# iris dataset
The Iris dataset was used in R.A. Fisher's classic 1936 paper, The Use of Multiple Measurements in Taxonomic Problems, and can also be found on the UCI Machine Learning Repository.

It includes three iris species with 50 samples each as well as some properties about each flower. One flower species is linearly separable from the other two, but the other two are not linearly separable from each other.

The columns in this dataset are:

1. Id
2. SepalLengthCm
3. SepalWidthCm
4. PetalLengthCm
5. PetalWidthCm
6. Species

In [1]:
import numpy as np
import pandas as pd
import matplotlib.pyplot as plt
import seaborn as sns

In [2]:
df=pd.read_csv("iris.csv")

In [3]:
df.head()

In [4]:
len(df)

In [5]:
df.info()  # species are in string

In [6]:
df.describe()

In [7]:
df['species'].value_counts()

# visualizing features & relationship among them

In [8]:
sns.countplot(x='species',data=df)

In [9]:
sns.scatterplot(x='petal_width',y='petal_length',data=df,hue='species') 
#  setosa is quite separated from both but there are some commons among versicolor and virginica

In [10]:
sns.pairplot(data=df,hue='species')

In [11]:
#  visualizing correlation
sns.heatmap(df.corr(numeric_only=True),annot=True)

In [12]:
# developing the model
X=df.drop('species',axis=1)

In [13]:
y=df['species']

In [14]:
y   # actually we don't need to encode target string values to integers , sklearn is totally okay with these. 

In [15]:
#  train - test split
from sklearn.model_selection import train_test_split

In [16]:
X_train, X_test, y_train, y_test = train_test_split(X, y, test_size=0.25, random_state=101)

In [17]:
# scaling the data
from sklearn.preprocessing import StandardScaler

In [18]:
scaler=StandardScaler()

In [19]:
scaler.fit(X_train)

In [20]:
scaled_X_train=scaler.transform(X_train)

In [21]:
scaled_X_test=scaler.transform(X_test)

# using grid search to figure out the best hyper parameters & then evaluating its performance

In [22]:
#  we can choose to perform cross validation all in the model in one simple call Or
#  you can keep the things as modular & separating out your model from grid search process

# Multiclass classification -> How it works and different from single class classification?
It donot check and outputs as 0 or 1 .Actually it takes one vs rest way of figuring out the multiclass problem.
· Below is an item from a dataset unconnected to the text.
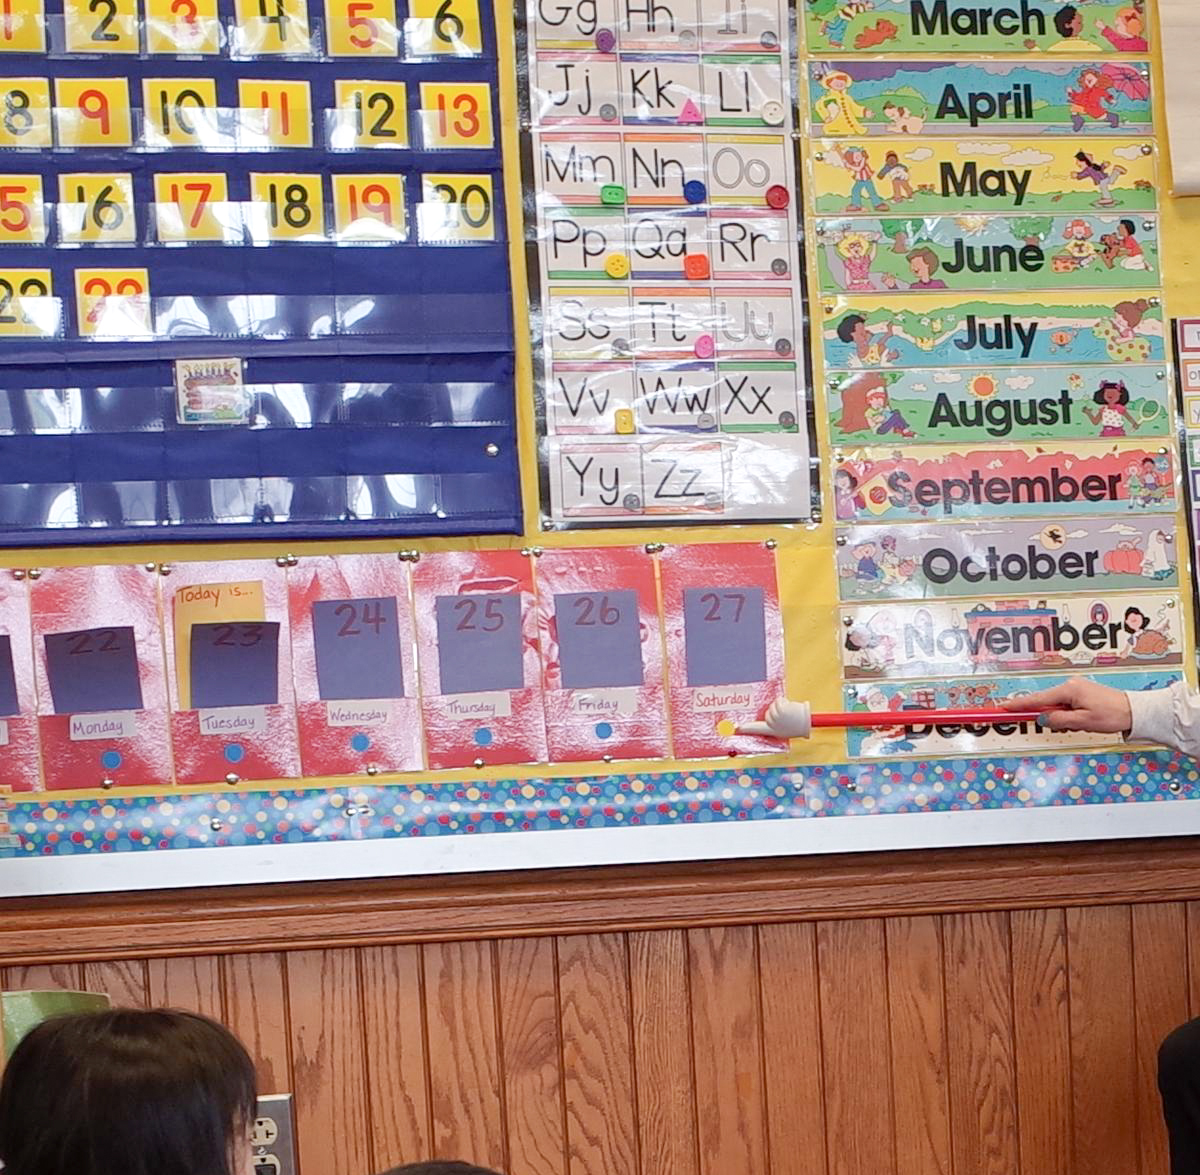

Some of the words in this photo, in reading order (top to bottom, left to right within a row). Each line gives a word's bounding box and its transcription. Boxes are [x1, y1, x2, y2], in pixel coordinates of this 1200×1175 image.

At one time it build model to separate  one class from all others then switch to the next class & separate out that class from all the others & so on.     parameter-> multi_class='ovr'

In [23]:
from sklearn.linear_model import LogisticRegression

In [24]:
log_model=LogisticRegression(solver='saga',multi_class='ovr',max_iter=5000)
#  in previous models we don't increase the max_iter , since there we donot have enough iterations for gradient descent to find
# minimum

In [25]:
from sklearn.model_selection import GridSearchCV

In [26]:
penalty=['l1','l2','elasticnet']
l1_ratio=np.linspace(0,1,20)
C=np.logspace(0,1,20)
param_grid={'penalty':penalty,'l1_ratio':l1_ratio,'C':C}

In [27]:
grid_model=GridSearchCV(log_model,param_grid)

In [28]:
import warnings

In [29]:
warnings.filterwarnings('ignore')

In [30]:
grid_model.fit(scaled_X_train,y_train)

In [31]:
grid_model.best_params_

In [32]:
from sklearn.metrics import accuracy_score, confusion_matrix,classification_report,ConfusionMatrixDisplay

In [33]:
y_pred=grid_model.predict(scaled_X_test)

In [34]:
y_pred

In [35]:
accuracy_score(y_test,y_pred)

In [36]:
cm=confusion_matrix(y_test,y_pred)

In [37]:
cm

In [38]:
disp = ConfusionMatrixDisplay(confusion_matrix=cm,display_labels=grid_model.classes_)
disp.plot()

# we can't draw roc curve automatically for multi-class classification

In [39]:
print(classification_report(y_test,y_pred))

In [40]:
#  copy the function for multiclass ROC curve and call it

In [41]:
from sklearn.metrics import roc_curve,auc

In [42]:
def plot_multiclass_roc(clf, X_test, y_test, n_classes, figsize=(5,5)):
    y_score = clf.decision_function(X_test)

    # structures
    fpr = dict()
    tpr = dict()
    roc_auc = dict()

    # calculate dummies once
    y_test_dummies = pd.get_dummies(y_test, drop_first=False).values
    for i in range(n_classes):
        fpr[i], tpr[i], _ = roc_curve(y_test_dummies[:, i], y_score[:, i])
        roc_auc[i] = auc(fpr[i], tpr[i])

    # roc for each class
    fig, ax = plt.subplots(figsize=figsize)
    ax.plot([0, 1], [0, 1], 'k--')
    ax.set_xlim([0.0, 1.0])
    ax.set_ylim([0.0, 1.05])
    ax.set_xlabel('False Positive Rate')
    ax.set_ylabel('True Positive Rate')
    ax.set_title('Receiver operating characteristic example')
    for i in range(n_classes):
        ax.plot(fpr[i], tpr[i], label='ROC curve (area = %0.2f) for label %i' % (roc_auc[i], i))
    ax.legend(loc="best")
    ax.grid(alpha=.4)
    sns.despine()
    plt.show()

In [43]:
plot_multiclass_roc(grid_model,scaled_X_test,y_test,n_classes=3)